Employee inclusion and engagement goes hand in hand with change management as an absolute requirement when implementing a new solution. Indeed, the ability to effectively manage change may very well be the most important skill executives, managers, and employees need to master. Most software vendors will offer user training and continuous modules for self learning, but this is inadequate when introducing a new process or system — especially when you consider software programs like AI and NLP, which are delivering entirely new work flows. Business transformations are beginning to take place without effectively managing change; when there are new processes introduced, factoring in the people aspect of the change that goes beyond how the technology streamlines the business operation is a key element.
Strategic planning needs to be a big part of the implementation. Companies should identify necessary process changes early in the implementation process, and users need to focus not only the transactional aspects, but also the changing interaction with other users and with systems not part of the new solution. By mapping this out in advance, users are likely to accept the new system at a faster pace and with greater success.

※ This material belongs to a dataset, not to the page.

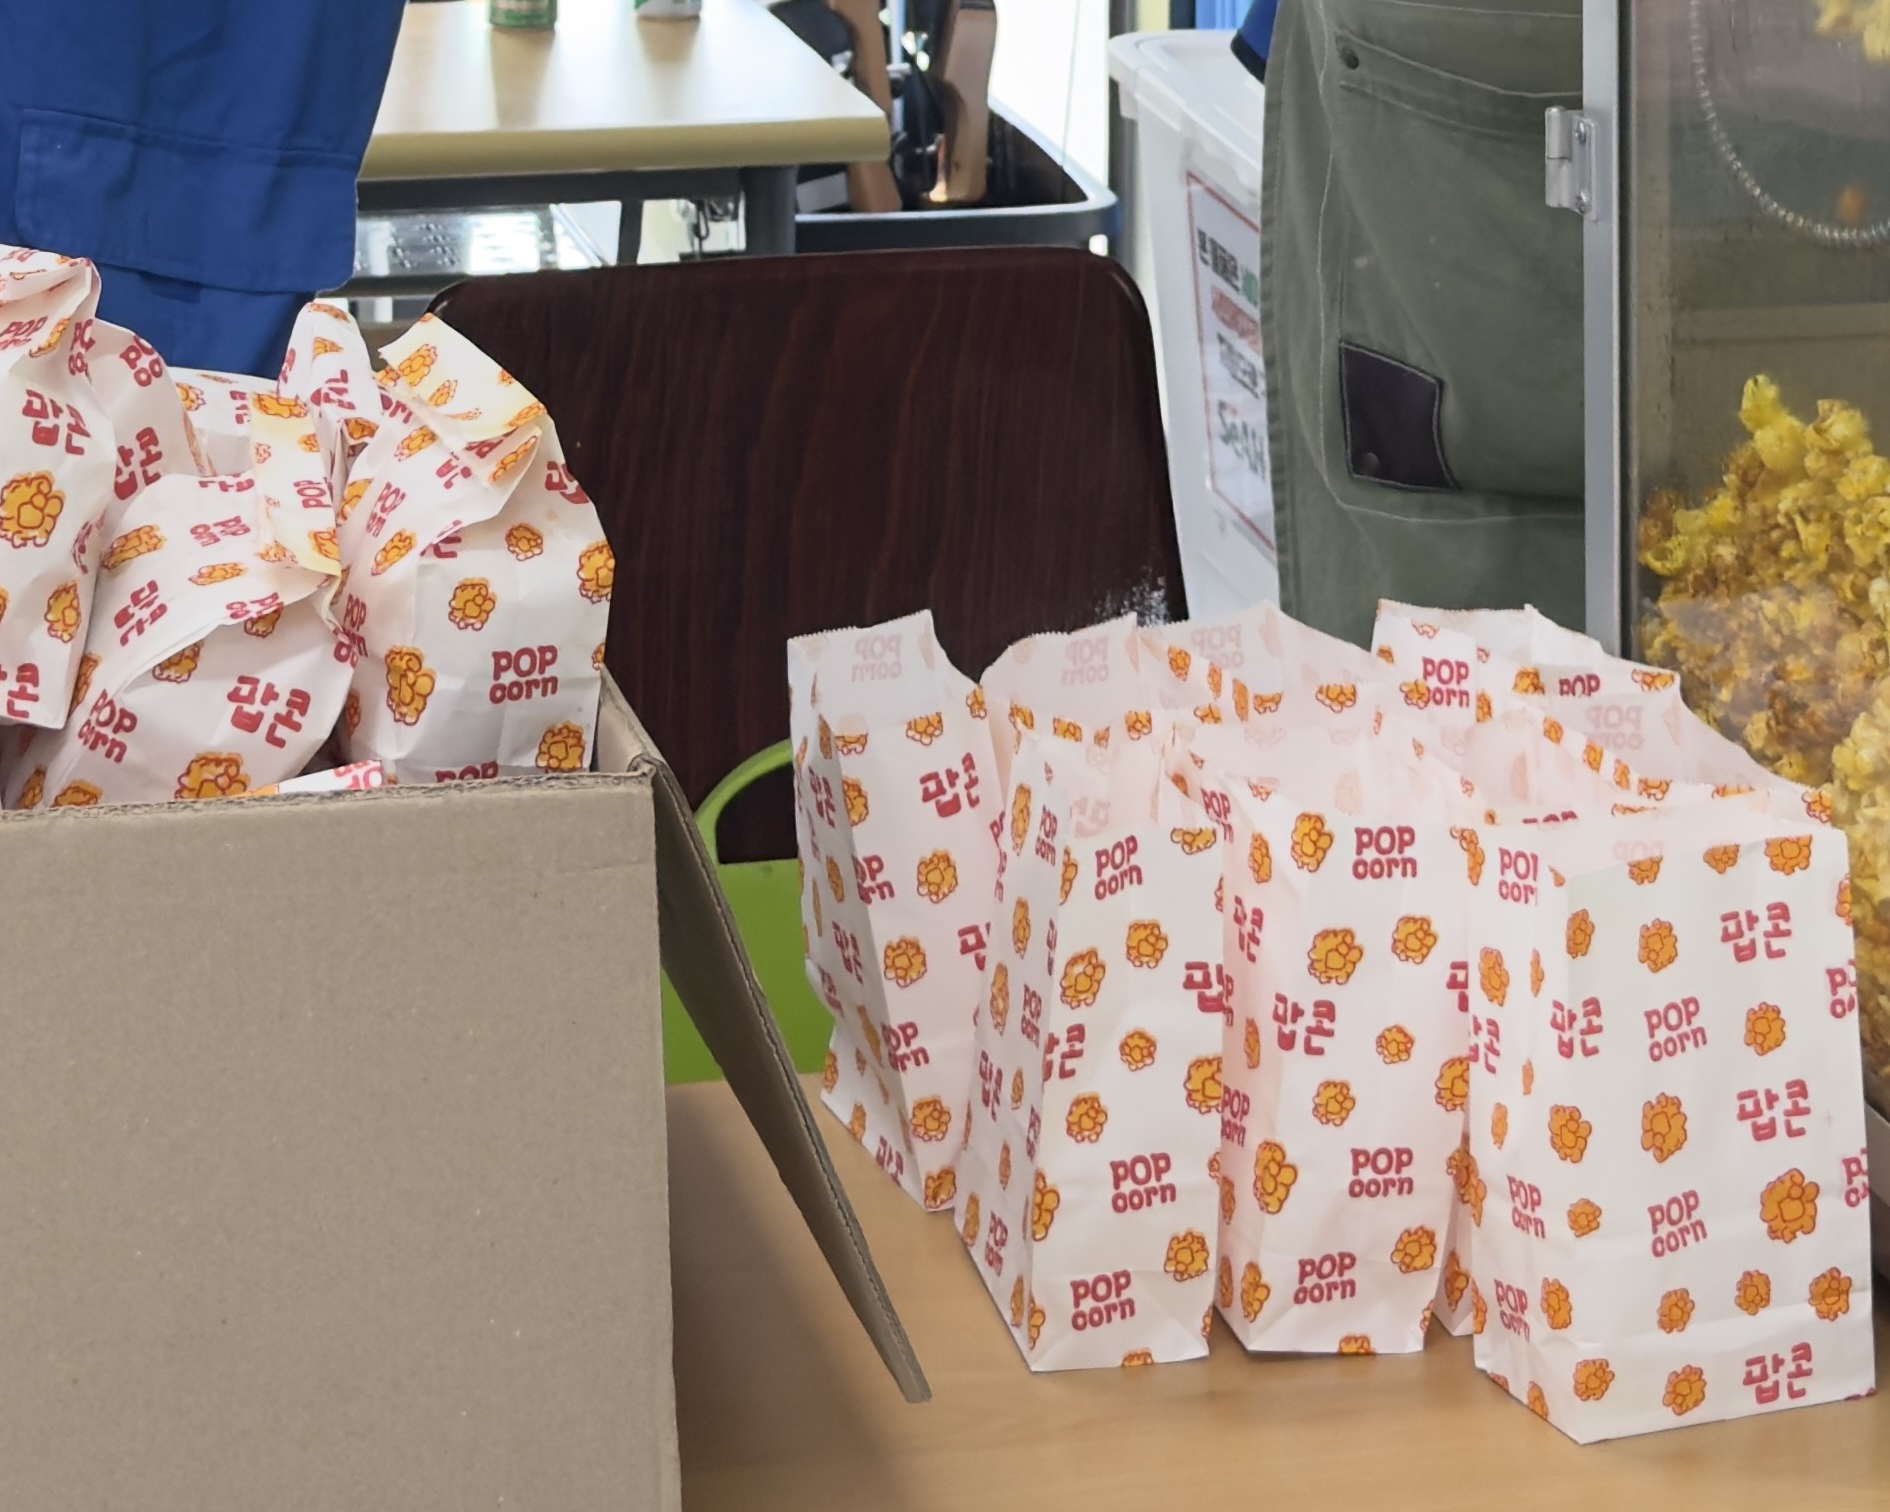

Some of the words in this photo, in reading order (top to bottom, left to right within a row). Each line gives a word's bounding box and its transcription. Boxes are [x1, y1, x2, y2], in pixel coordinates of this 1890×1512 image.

The degree to which a company invests in and supports an internal implementation team will depend on the complexity of the software system being deployed. As outlined, software complexity is not as important as the change in business process that the new program provides. Choosing a software vendor that will work with your internal team to ensure the integration, implementation, and roll out succeeds, is just as important as the wizardry that the software is supposed to deliver. Savvy buyers research past implementation case studies of prospective software vendors and place the ones with a successful track record at the top of their list.